TASK TO COMPLETE: Exactly as written, return every line of the data below apart from the pictures.
Start of DATA
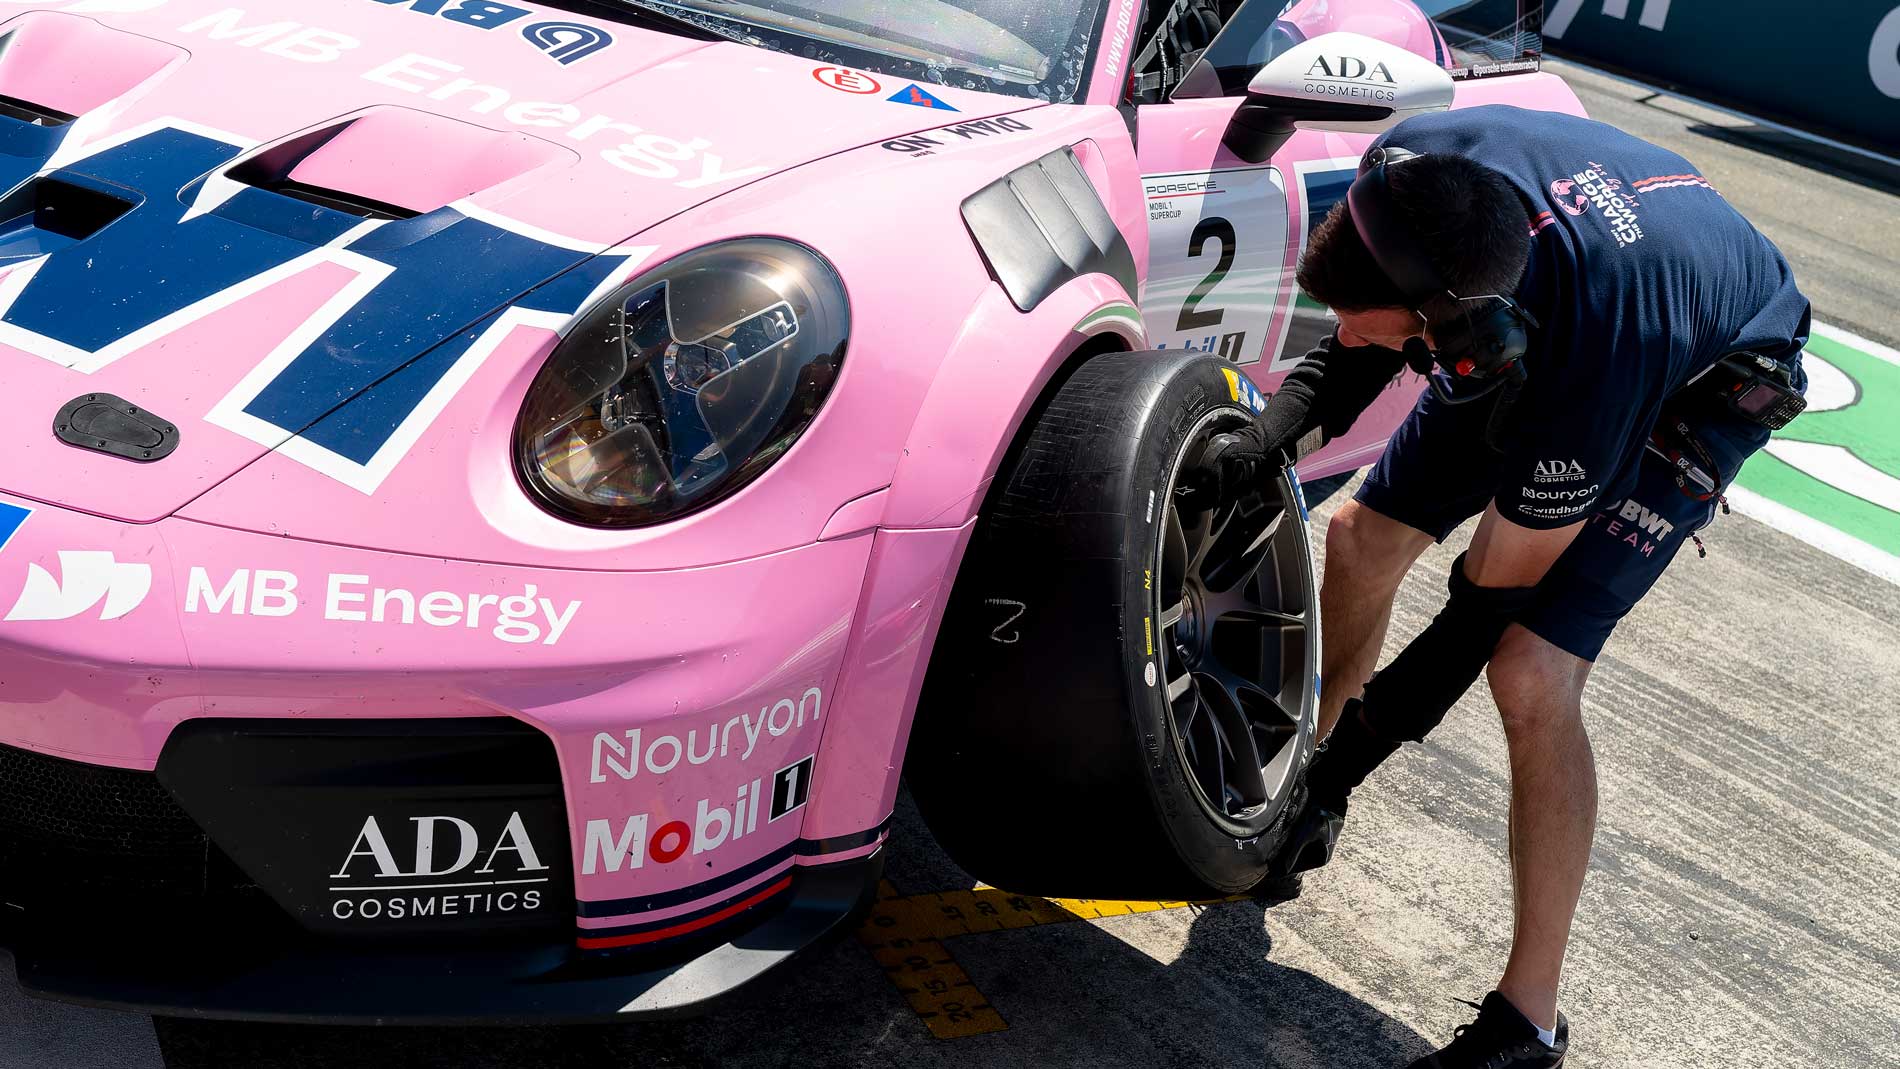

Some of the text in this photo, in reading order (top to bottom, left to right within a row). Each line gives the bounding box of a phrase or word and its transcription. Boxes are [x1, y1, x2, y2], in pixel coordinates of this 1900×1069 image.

[1303, 54, 1397, 84] ADA
[178, 7, 769, 188] MB Energy
[1304, 83, 1396, 102] COSMETICS
[881, 116, 1033, 152] DIAMND
[1146, 181, 1217, 194] PORSCHE
[1149, 202, 1168, 211] MOBIL
[1584, 169, 1638, 224] WORLD
[1150, 210, 1181, 220] SUPERCUP
[1573, 172, 1637, 244] CHANGE
[1176, 217, 1236, 331] 2
[1534, 459, 1586, 474] ADA
[1534, 475, 1586, 483] COSMETICS
[1522, 484, 1599, 500] Nouryon
[1592, 513, 1656, 558] TEAM
[1619, 499, 1674, 541] BWT
[184, 565, 582, 645] MB Energy
[590, 686, 822, 784] Nouryon
[329, 811, 549, 878] ADA
[581, 778, 762, 876] Mobil
[332, 890, 542, 920] COSMETICS
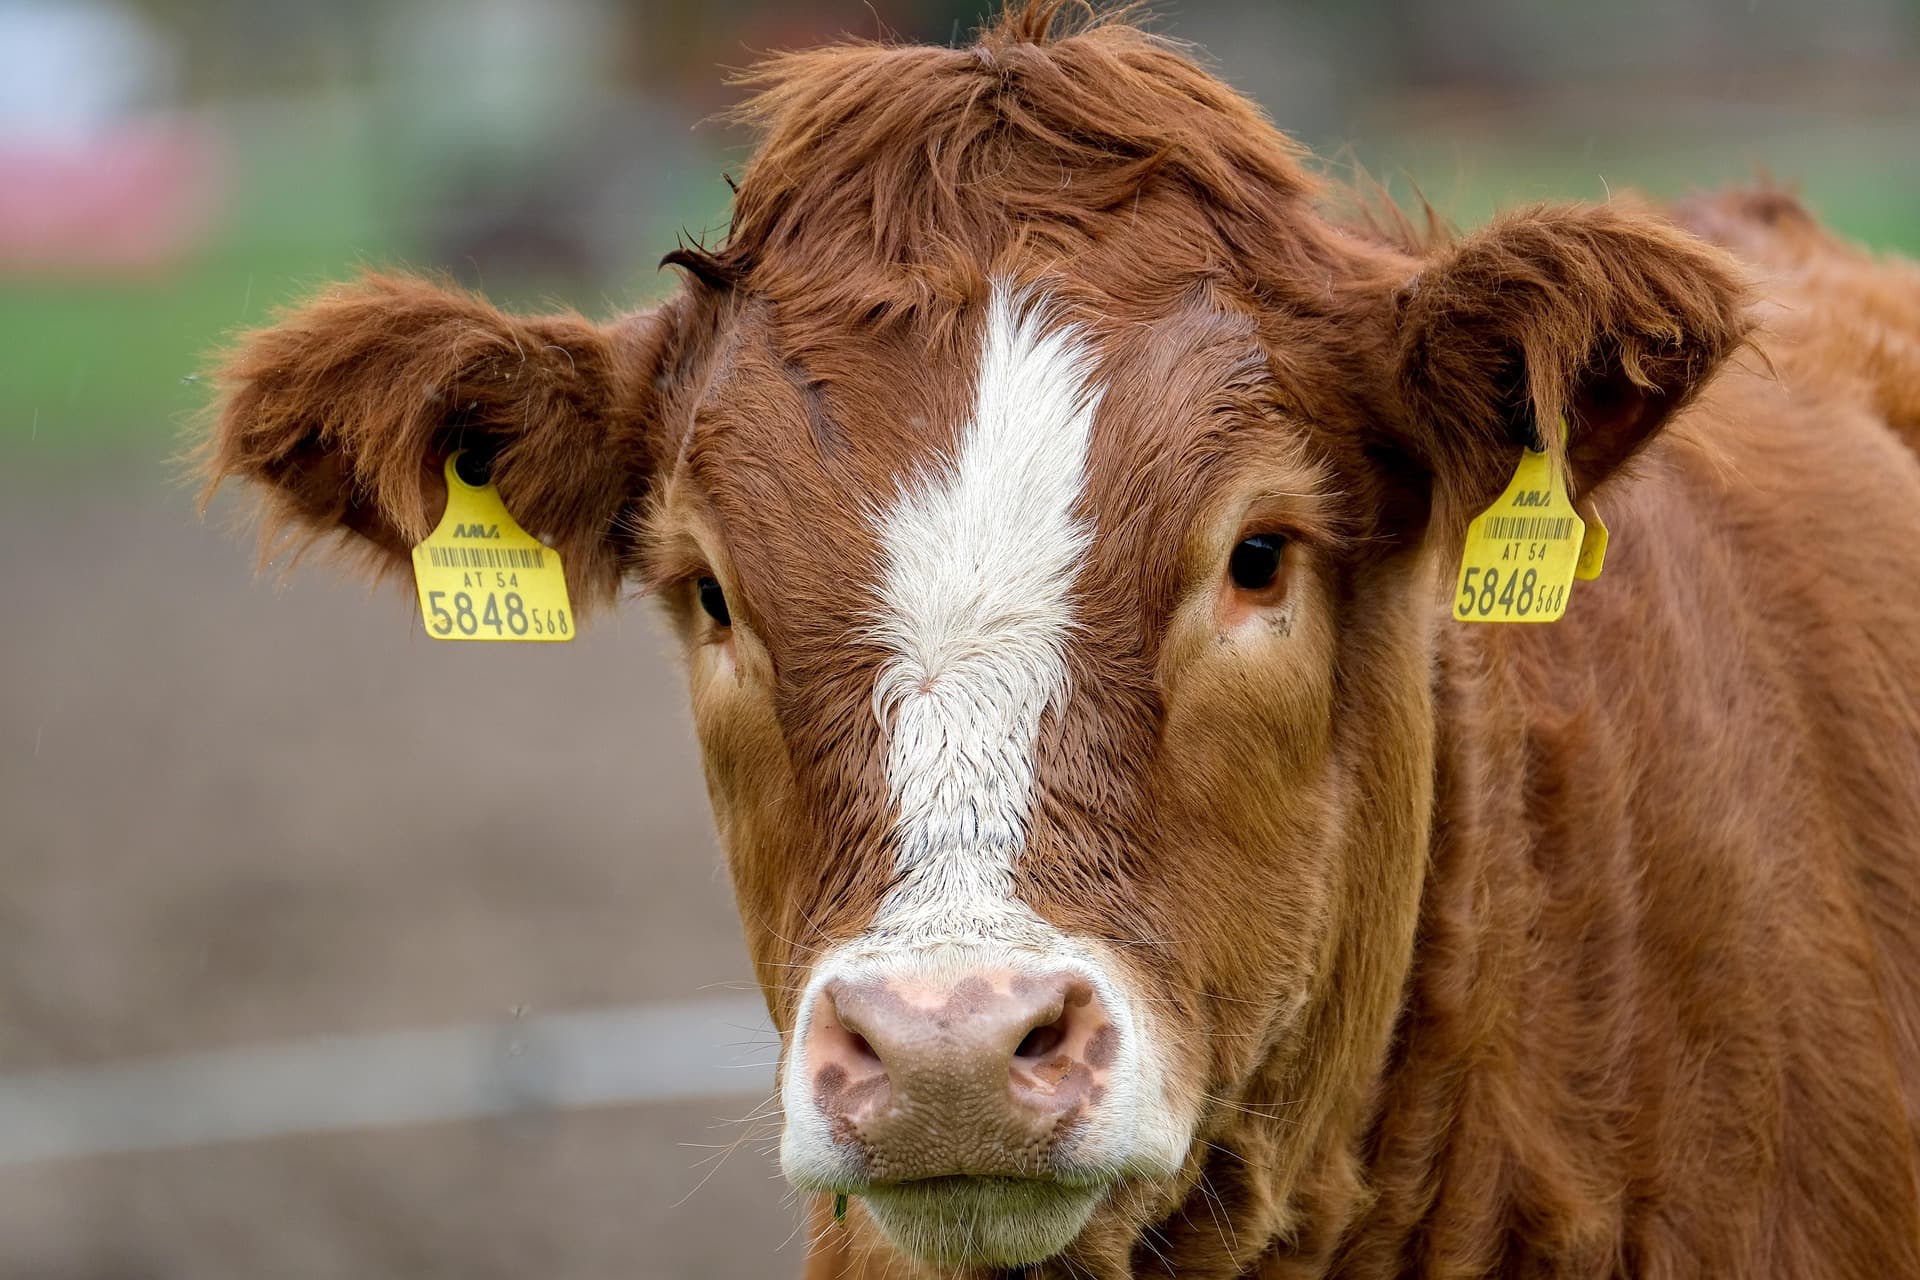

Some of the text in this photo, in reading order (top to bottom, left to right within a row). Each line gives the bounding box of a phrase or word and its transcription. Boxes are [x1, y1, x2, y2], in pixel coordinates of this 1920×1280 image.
End of DATA
RESPONSE BOX:
Some of the text in this photo, in reading order (top to bottom, left to right within a row). Each line gives the bounding box of a phrase or word and its transcription. Boxes are [x1, y1, x2, y2], in pixel coordinates of this 1900×1069 image.

[1303, 54, 1397, 84] ADA
[178, 7, 769, 188] MB Energy
[1304, 83, 1396, 102] COSMETICS
[881, 116, 1033, 152] DIAMND
[1146, 181, 1217, 194] PORSCHE
[1149, 202, 1168, 211] MOBIL
[1584, 169, 1638, 224] WORLD
[1150, 210, 1181, 220] SUPERCUP
[1573, 172, 1637, 244] CHANGE
[1176, 217, 1236, 331] 2
[1534, 459, 1586, 474] ADA
[1534, 475, 1586, 483] COSMETICS
[1522, 484, 1599, 500] Nouryon
[1592, 513, 1656, 558] TEAM
[1619, 499, 1674, 541] BWT
[184, 565, 582, 645] MB Energy
[590, 686, 822, 784] Nouryon
[329, 811, 549, 878] ADA
[581, 778, 762, 876] Mobil
[332, 890, 542, 920] COSMETICS

Some of the text in this photo, in reading order (top to bottom, left to right within a row). Each line gives the bounding box of a phrase or word and its transcription. Boxes are [x1, y1, x2, y2], in pixel coordinates of this 1920×1280 image.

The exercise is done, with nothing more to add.